Wednesday, 31 March 2010

The Second Day



Shalom:
It is the Second Day of Unleaven Bread.
I often think about what it must have been like to leave the place of your birth, the place you had lived your whole life as a slave. You really didn't have a childhood, but worked in mudpits, carrying water and dodging the taskmaster's whip. To see your mother and father treated like dogs, yelled at, cursed at, whipped and beaten.
To grow up and marry, then bring children into this same world. To pray that your wife or daughter isn't whipped or worse, raped on this day. To hold onto your faith, the Promise that one day you and your people shall be free.
And now here you are, with your wife and children, free! Heading for the Land your forefather told you G-d had promised. No more whips or chains or tears.
The future laid somewhere along the sandy path you now walk.
My people.

My people were once free and then, one day, a child, a woman, a man, were trapped and chained.

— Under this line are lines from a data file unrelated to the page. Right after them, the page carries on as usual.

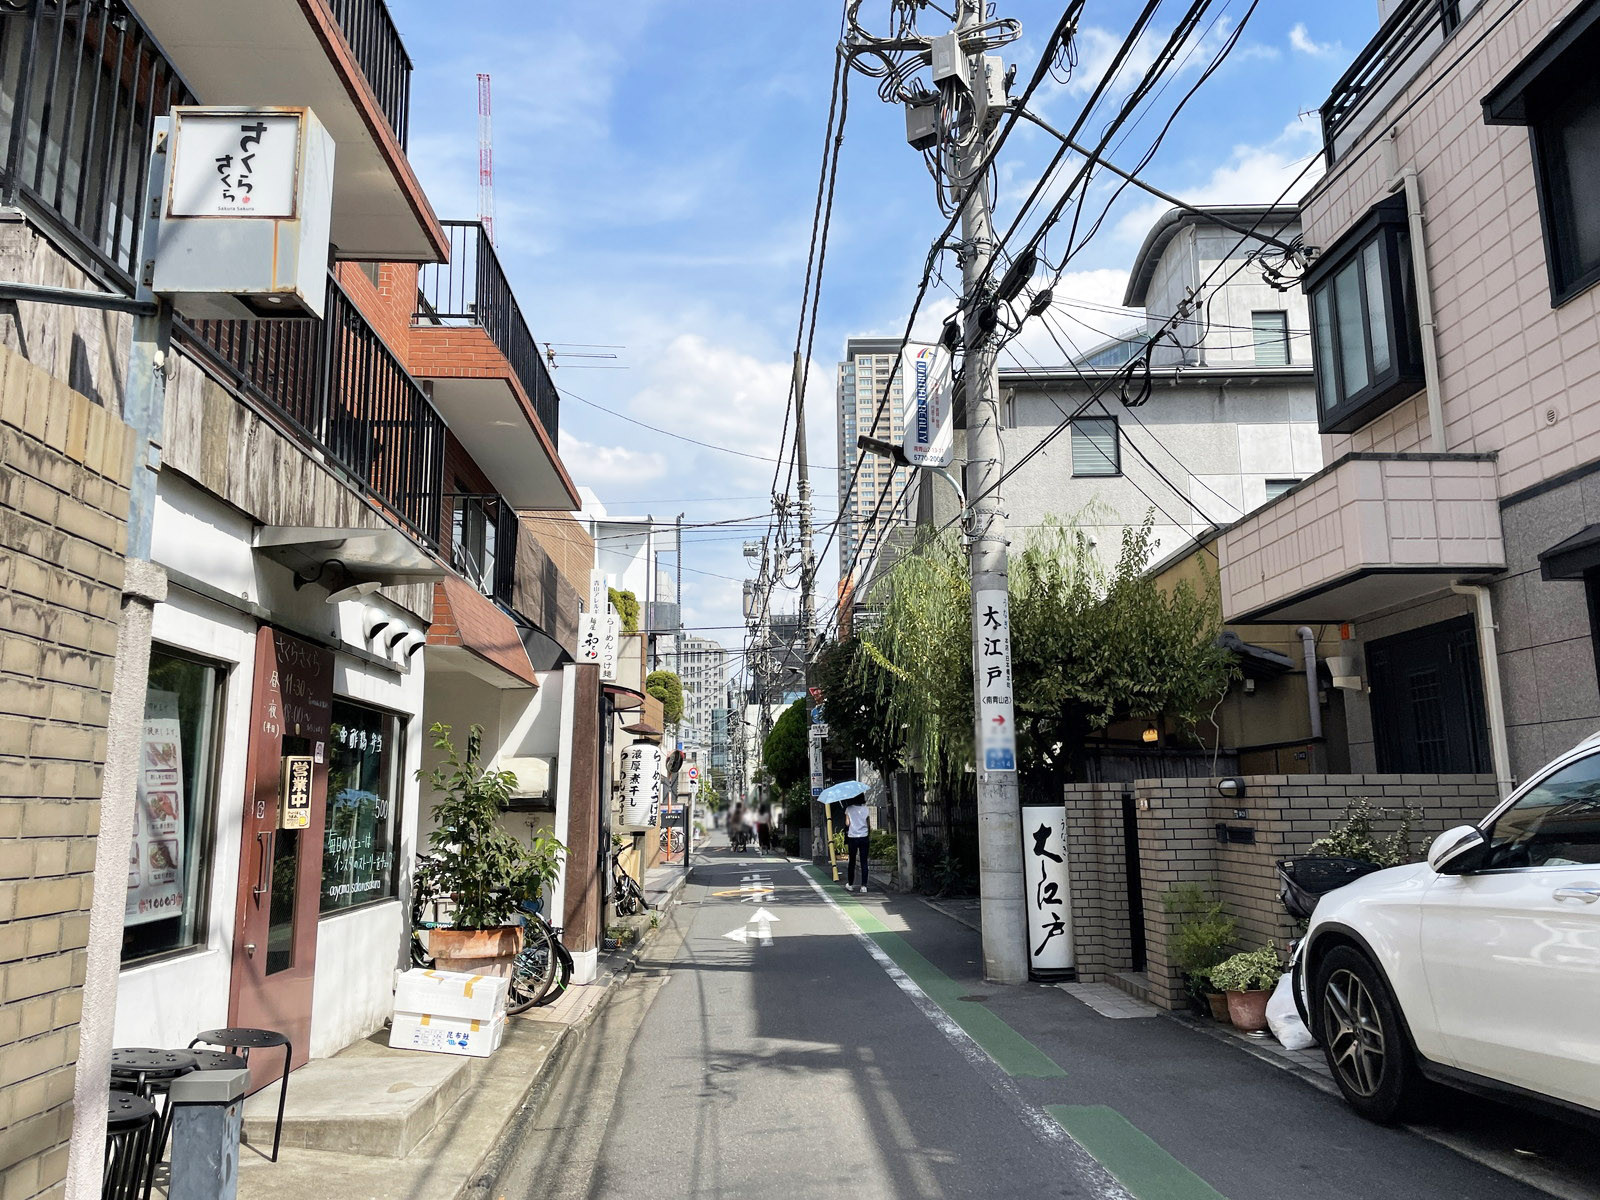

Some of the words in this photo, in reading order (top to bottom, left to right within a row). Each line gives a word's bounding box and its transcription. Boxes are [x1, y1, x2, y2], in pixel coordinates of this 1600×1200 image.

[215, 155, 235, 202] さくら
[238, 122, 267, 193] さくら
[276, 637, 320, 676] さくらさくら
[983, 606, 1003, 688] 大江戸
[292, 761, 309, 808] 営業中
[629, 749, 642, 807] 濃厚煮干し
[1033, 823, 1065, 957] 大江戸

Put on ships and crossed the blue waters to another land, another world.
The freedom they once knew in North Africa, West Africa, their faith, Hebrew, ripped from them.
Drawing on the old stories they knew by heart from the Torah, G-d would free them. They hung to that hope, their faith. It was their lifeline.
And one day, news came that they were indeed set free, nolonger slaves.
My people. Hebrew slaves. Afrcian slaves.
This week, I celebrate the freedom of my people.

1 comment:

ocmist said...

OH MY!!! I didn't realize the rest of your ancestry had even MORE slavery involved in it. This gives you so much more to be thankful for now.

I know that I, so much more, appreciate the life that I have after hearing the story of my Mom's life, being orphaned at 4, in an out of foster homes, and then being raised by an alcoholic that regularly beat her, her sister, and her brother. And when we moved to Taft when I was 7, there were no other Mexicans in this town and I was taunted about being "black," etc.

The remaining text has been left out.